Il a également réaffirmé l'objectif de revenir sous le seuil d'un déficit à 3% du PIB "d'ici la fin du quinquennat".
- Pas de hausse d'impôts -
La droite comme la gauche ont fustigé le "manque de crédibilité" de cette "trajectoire", reprenant les mots du Haut Conseil des finances publiques au sujet du "programme de stabilité" récemment présenté par le gouvernement.
Ce dernier incarne "l'échec de vos politiques", a estimé le président LFI de la commission des Finances Eric Coquerel, qui reproche à l'exécutif de préférer "s'attaquer à la protection sociale" plutôt que de "toucher aux revenus du capital".
"Nous ne pouvons que constater l'étendue des dégâts et de votre incompétence", a attaqué le chef des députés socialistes Boris Vallaud, dénonçant des prévisions "mensongères", des "cadeaux fiscaux jamais financés" et une "brutalité sociale".

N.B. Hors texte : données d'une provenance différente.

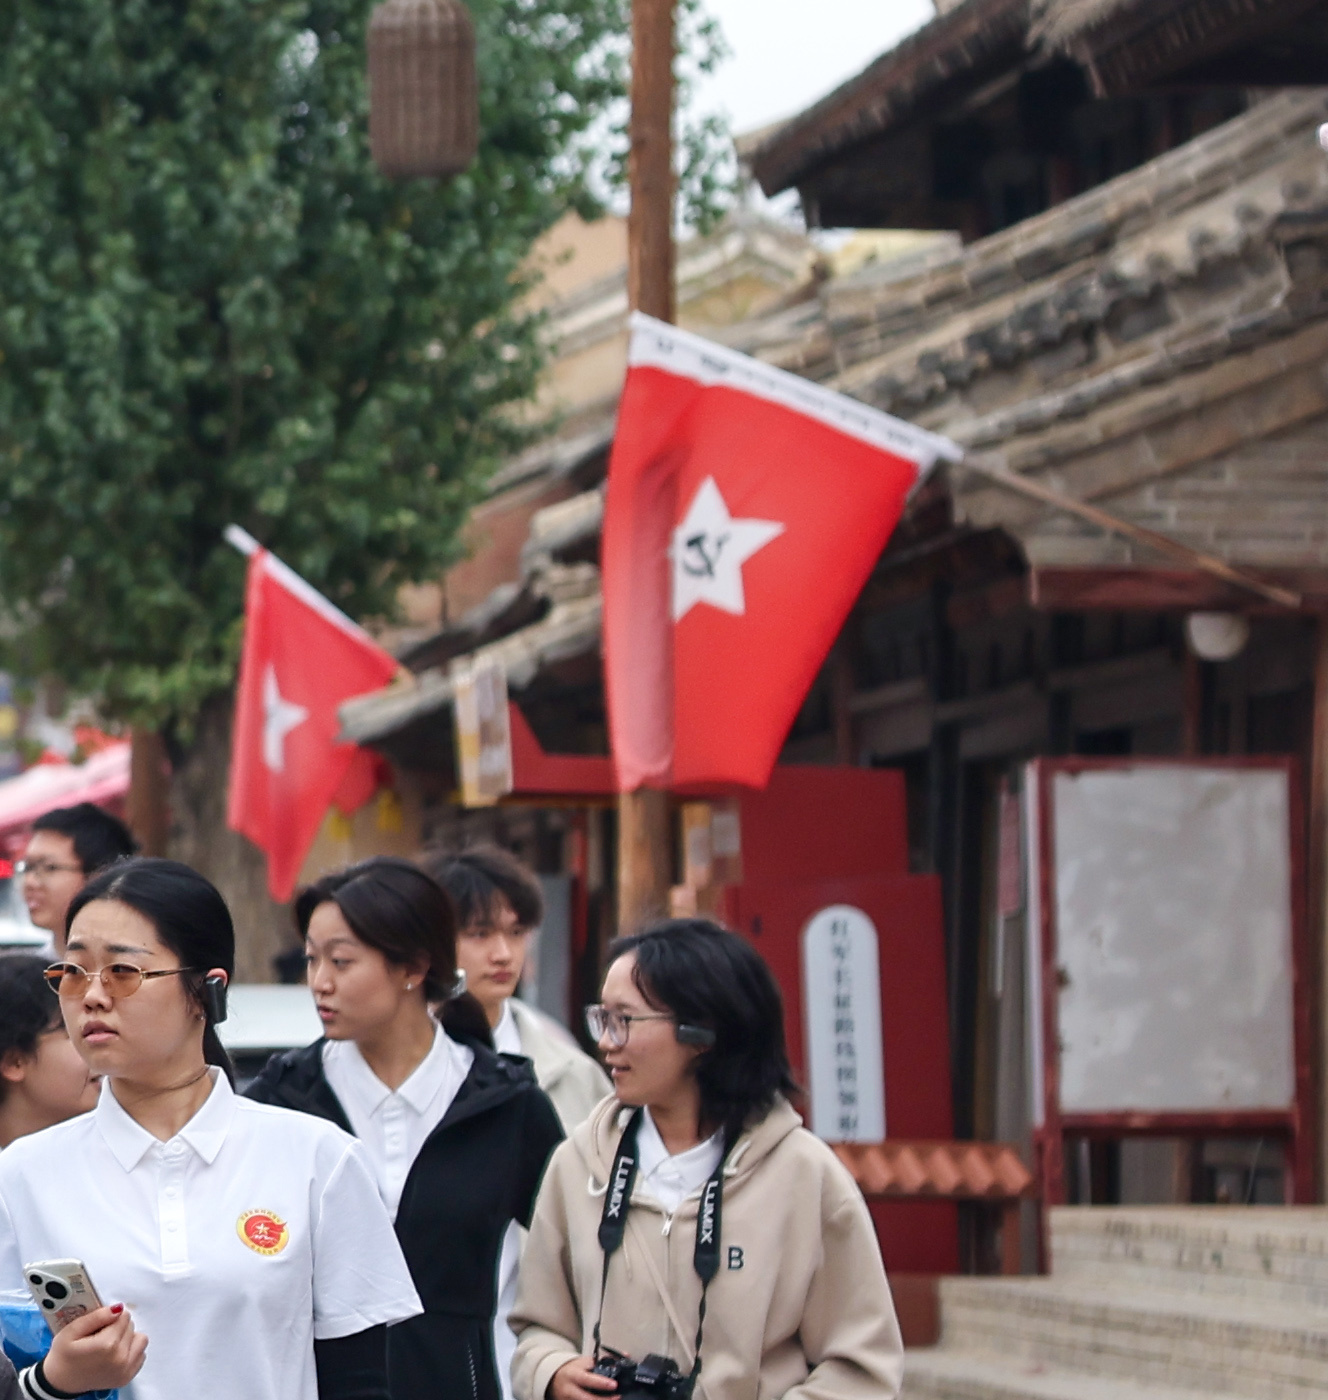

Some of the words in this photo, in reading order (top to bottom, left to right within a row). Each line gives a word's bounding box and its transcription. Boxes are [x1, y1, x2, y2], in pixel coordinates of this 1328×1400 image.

[607, 1156, 635, 1219] LUMIX
[700, 1180, 719, 1245] LUMIX
[727, 1246, 745, 1270] B

La députée LR Véronique Louwagie s'est quant à elle demandé "comment croire" un gouvernement qui "a laissé déraper comme jamais les dépenses".
L'appelant à se "ressaisir", elle n'a toutefois pas réitéré lors de son intervention la menace d'une motion de censure. Éric Ciotti, le patron de son parti, avait assuré vendredi que la droite était prête à passer à l'acte, notamment en cas de hausse des impôts après le scrutin européen du 9 juin.
"Nous ne les augmenterons ni avant ni après les élections européennes", a assuré M. Le Maire dans l'hémicycle.
- "30 jours" -
"Nous invitons nos collègues LR à prendre enfin leur responsabilités", a exhorté le député Jean-Philippe Tanguy (RN), fustigeant une droite qui malgré ses menaces répétées d'une motion de censure a permis "au gouvernement d'imposer ses choix budgétaires".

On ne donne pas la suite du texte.